#### Your objective
Beginning with the line containing "Some of the text" and ending at the last line of the records, transcribe each line exactly. Do not include pictures.

Free-text object descriptions:
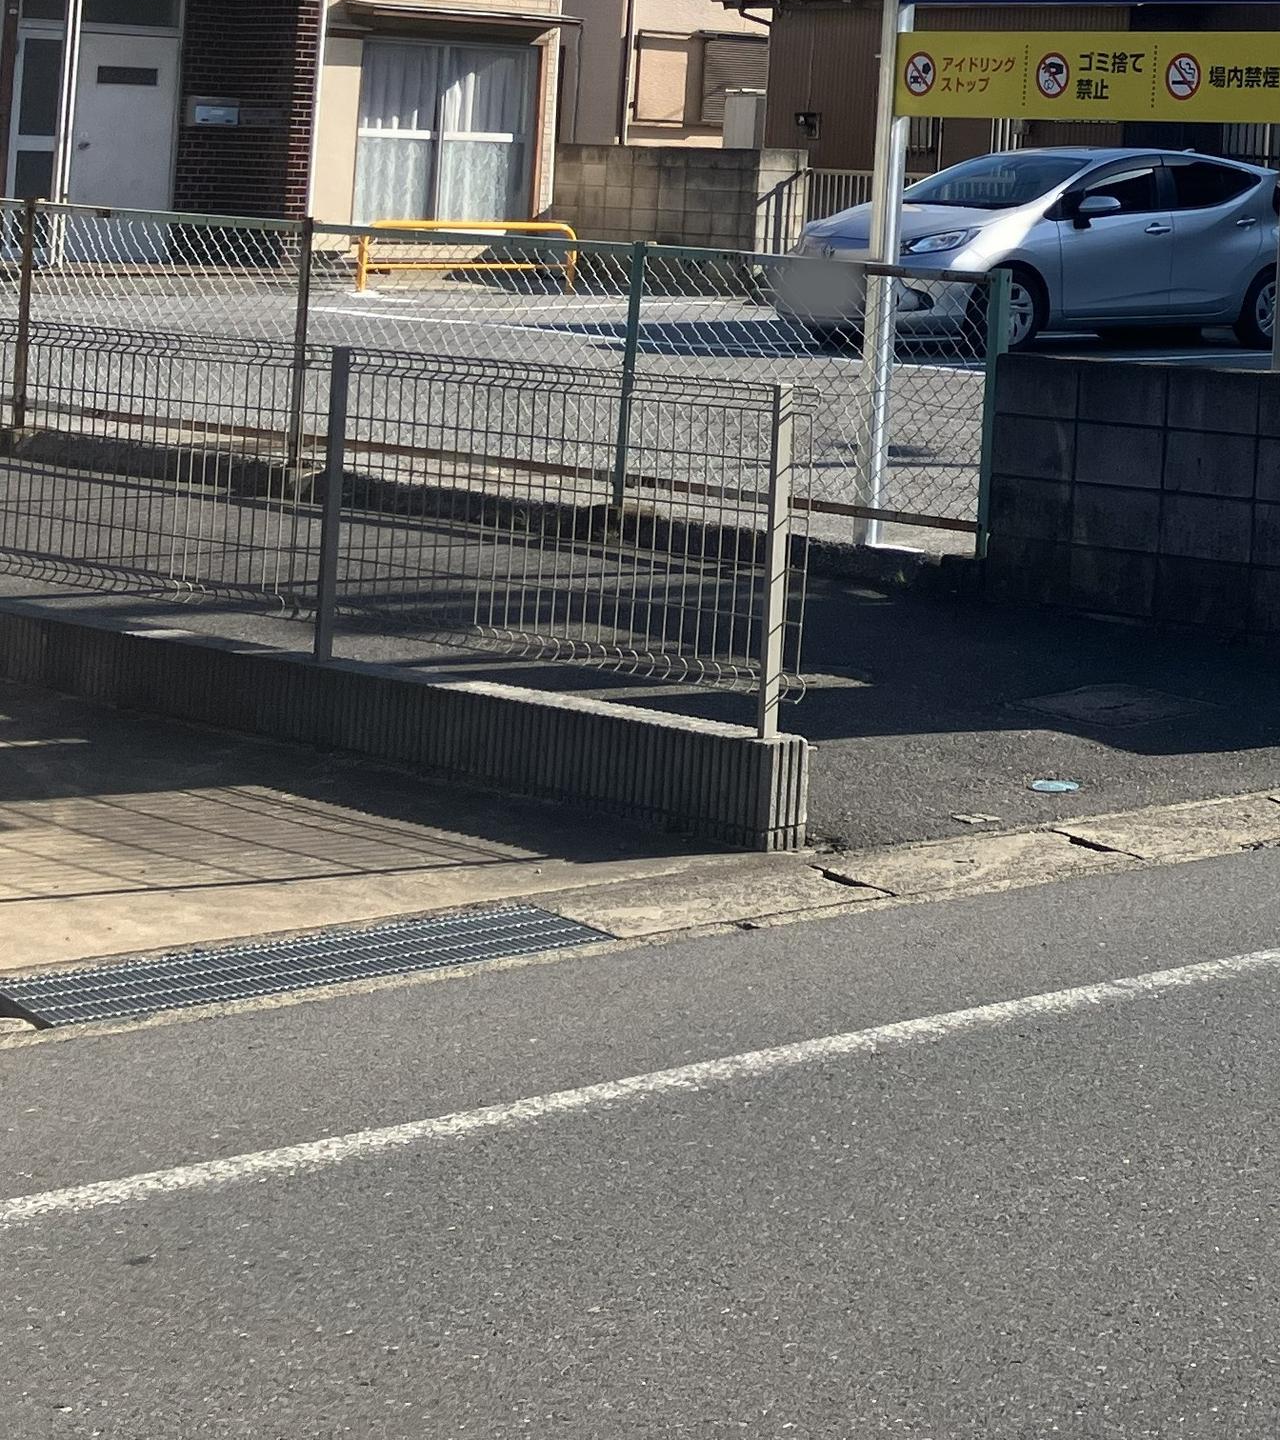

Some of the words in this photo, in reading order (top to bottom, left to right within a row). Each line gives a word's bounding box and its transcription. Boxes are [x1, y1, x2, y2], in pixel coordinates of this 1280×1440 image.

[941, 57, 1016, 73] アイドリング
[1079, 52, 1145, 74] ゴミ捨て
[941, 76, 991, 93] ストップ
[1208, 65, 1280, 89] 場内禁煙
[1076, 79, 1109, 101] 禁止
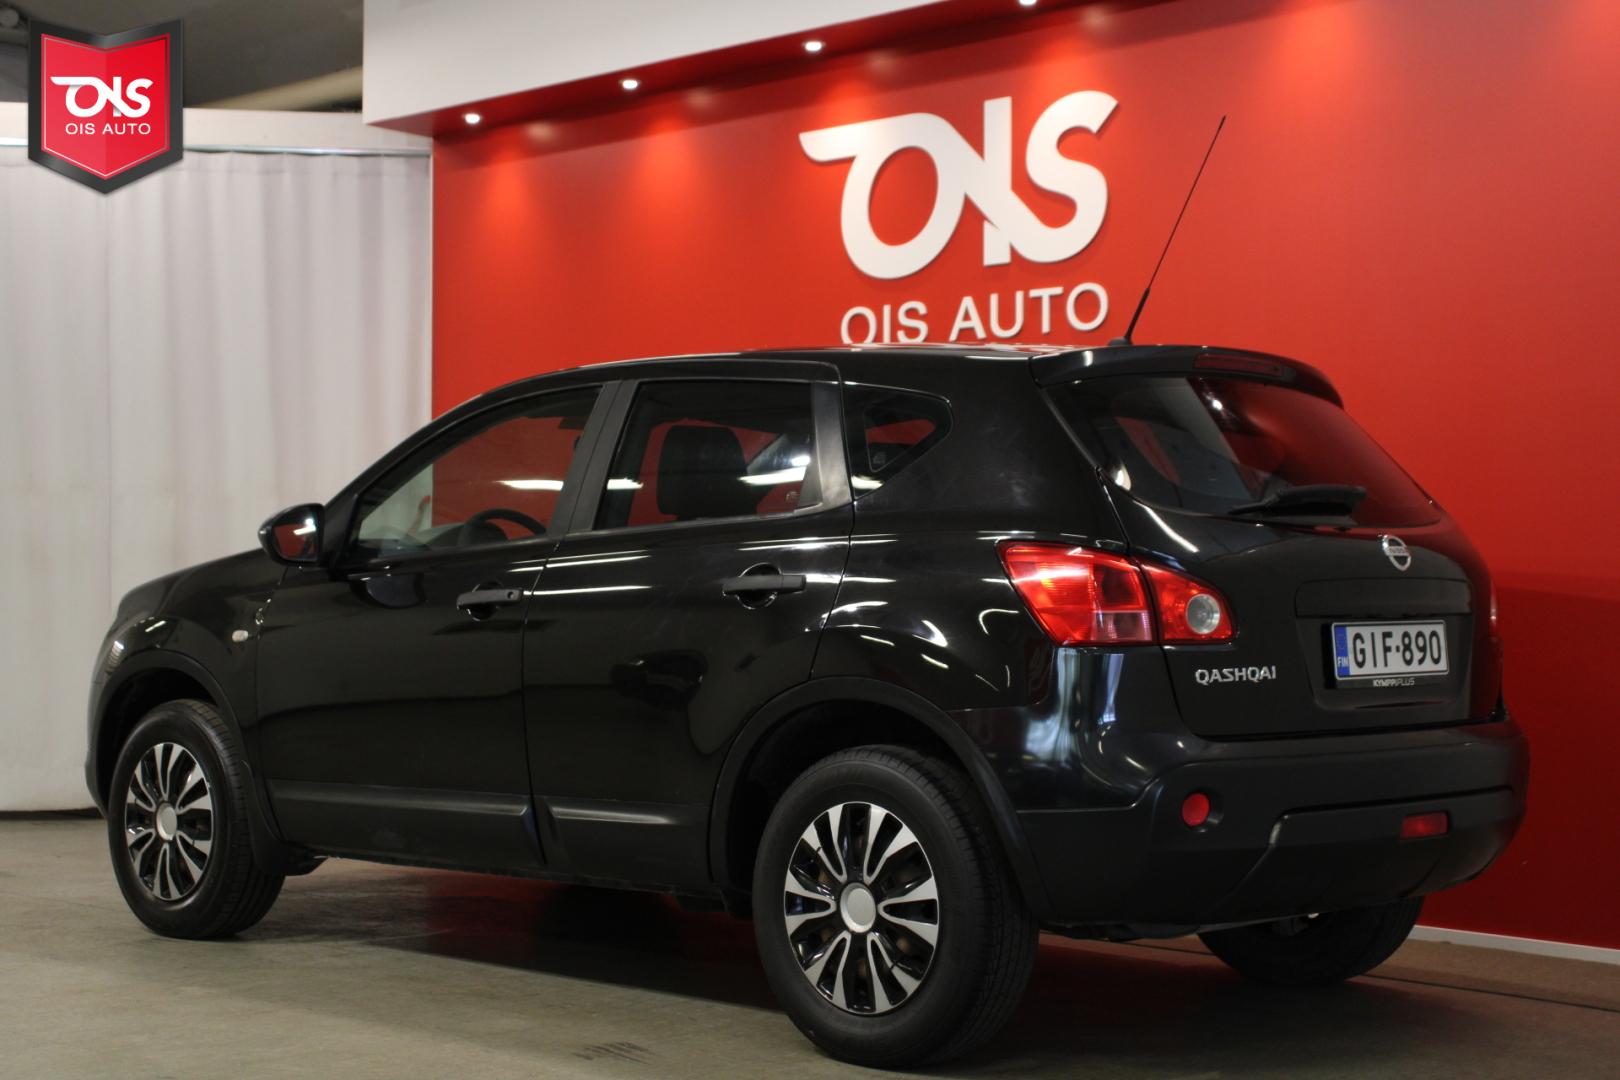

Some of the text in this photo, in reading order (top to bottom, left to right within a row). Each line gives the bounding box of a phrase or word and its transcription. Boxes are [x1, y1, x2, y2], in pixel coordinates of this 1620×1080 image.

[840, 282, 1109, 344] OIS AUTO
[1337, 656, 1350, 667] FIN
[1353, 630, 1441, 668] GIF-890
[1195, 665, 1277, 686] QASHQAI
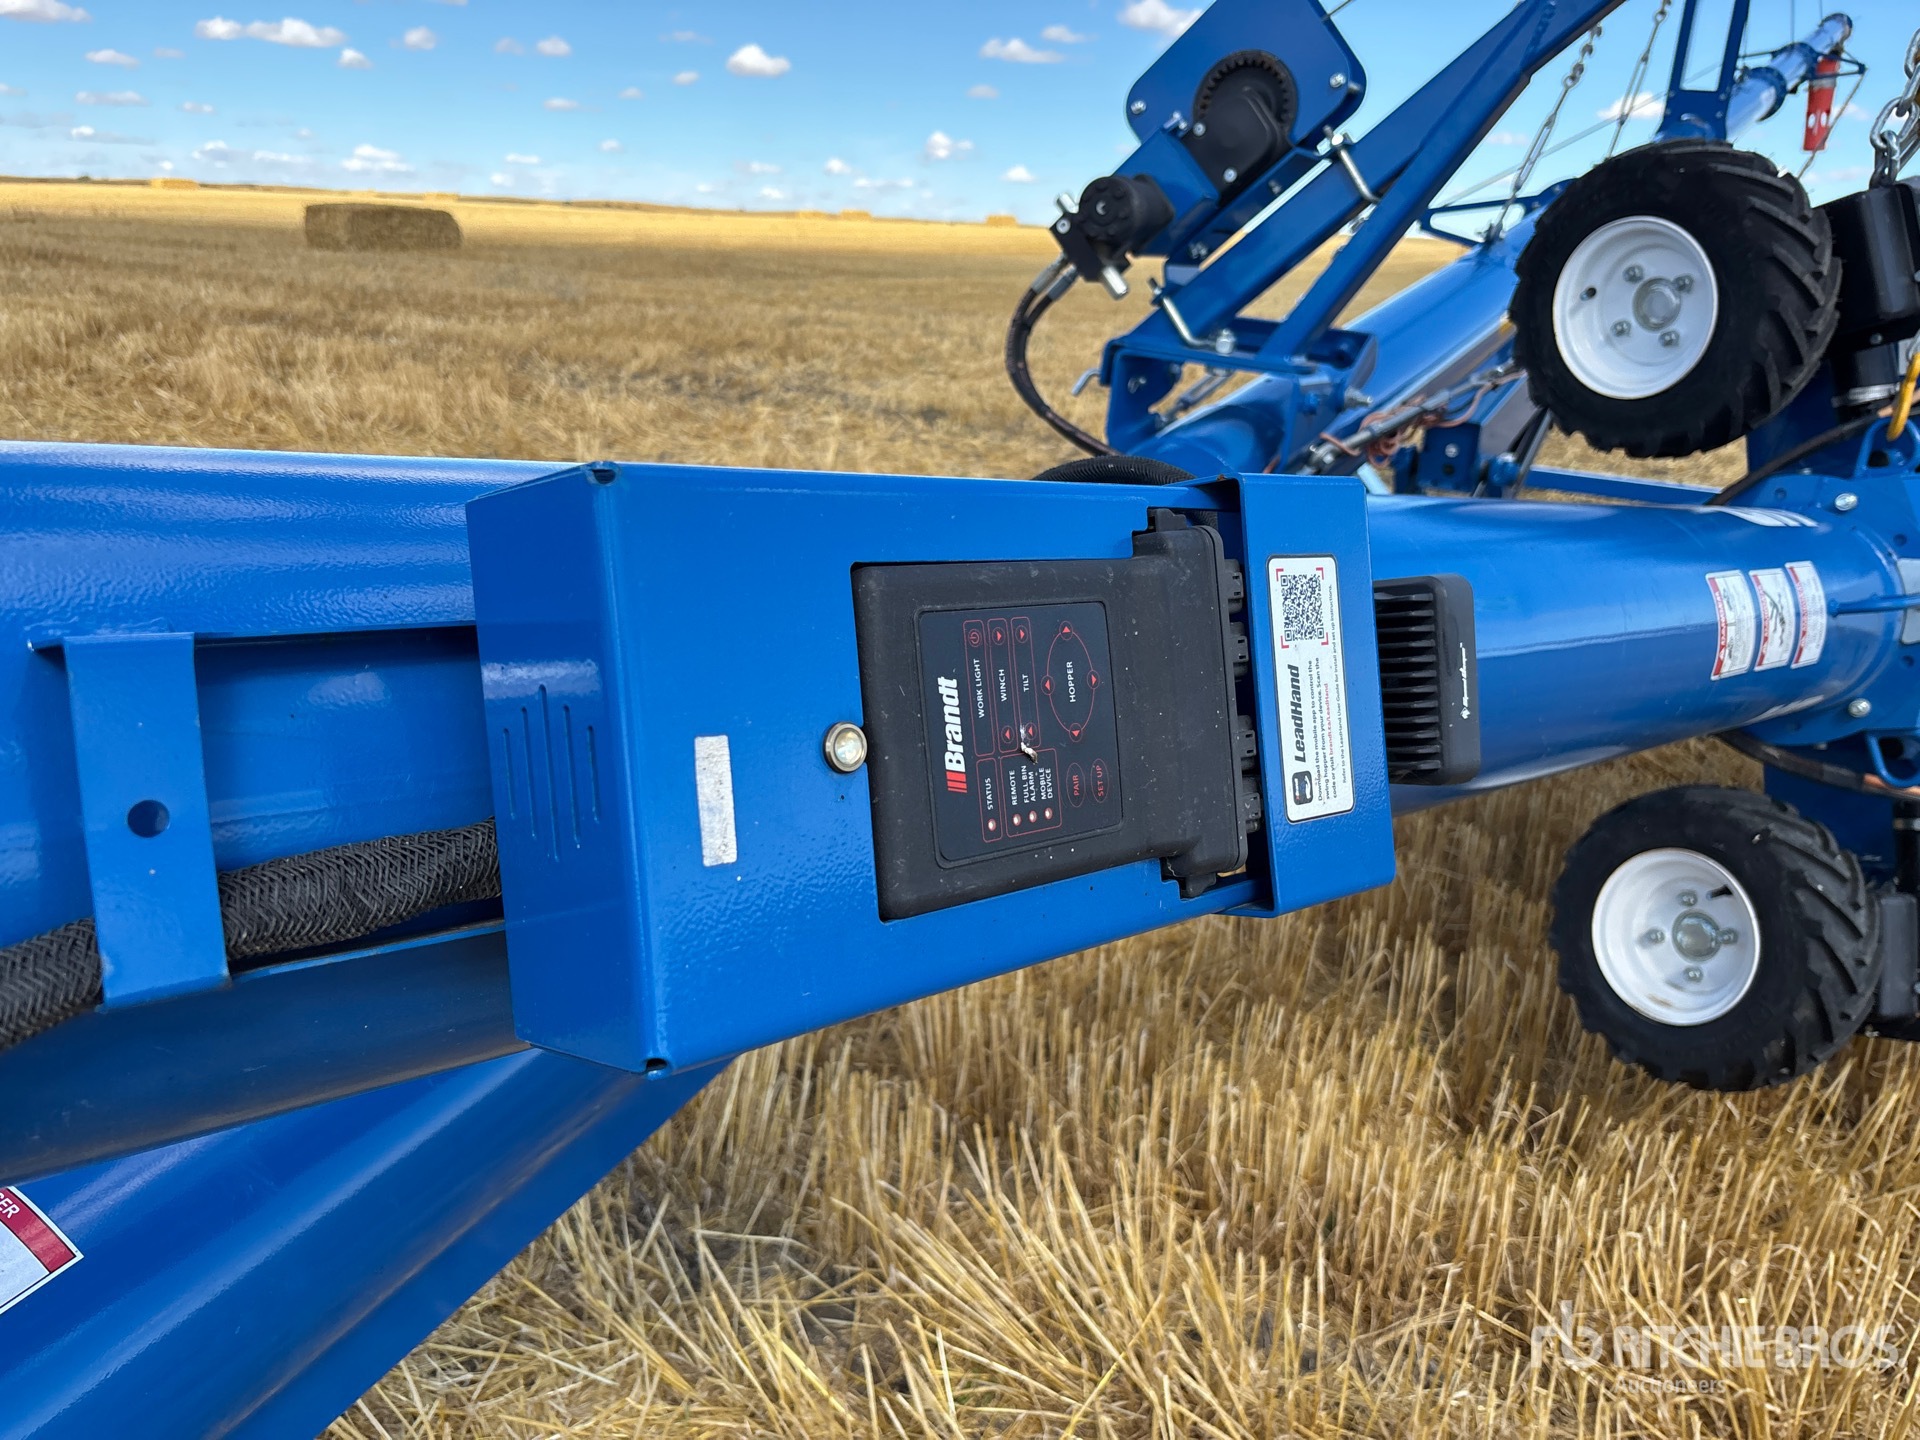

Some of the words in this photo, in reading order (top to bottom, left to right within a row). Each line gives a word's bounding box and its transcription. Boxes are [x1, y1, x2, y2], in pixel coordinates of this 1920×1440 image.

[973, 658, 982, 687] LIGHT
[999, 669, 1007, 702] WINCH
[1066, 661, 1076, 702] HOPPER
[976, 689, 985, 718] WORK
[1287, 664, 1306, 762] LeadHand
[1324, 683, 1334, 755] brandt.ca/LeadHand
[938, 676, 966, 772] Brandt
[1008, 770, 1018, 805] REMOTE
[1096, 765, 1102, 777] UP
[985, 778, 993, 810] STATUS
[0, 1192, 20, 1219] ER

#### Written solution
Some of the text in this photo, in reading order (top to bottom, left to right within a row). Each line gives the bounding box of a phrase or word and its transcription. Boxes are [x1, y1, x2, y2], in pixel coordinates of this 1620×1080 image.

[840, 282, 1109, 344] OIS AUTO
[1337, 656, 1350, 667] FIN
[1353, 630, 1441, 668] GIF-890
[1195, 665, 1277, 686] QASHQAI

Some of the words in this photo, in reading order (top to bottom, left to right within a row). Each line gives a word's bounding box and its transcription. Boxes are [x1, y1, x2, y2], in pixel coordinates of this 1920×1440 image.

[973, 658, 982, 687] LIGHT
[999, 669, 1007, 702] WINCH
[1066, 661, 1076, 702] HOPPER
[976, 689, 985, 718] WORK
[1287, 664, 1306, 762] LeadHand
[1324, 683, 1334, 755] brandt.ca/LeadHand
[938, 676, 966, 772] Brandt
[1008, 770, 1018, 805] REMOTE
[1096, 765, 1102, 777] UP
[985, 778, 993, 810] STATUS
[0, 1192, 20, 1219] ER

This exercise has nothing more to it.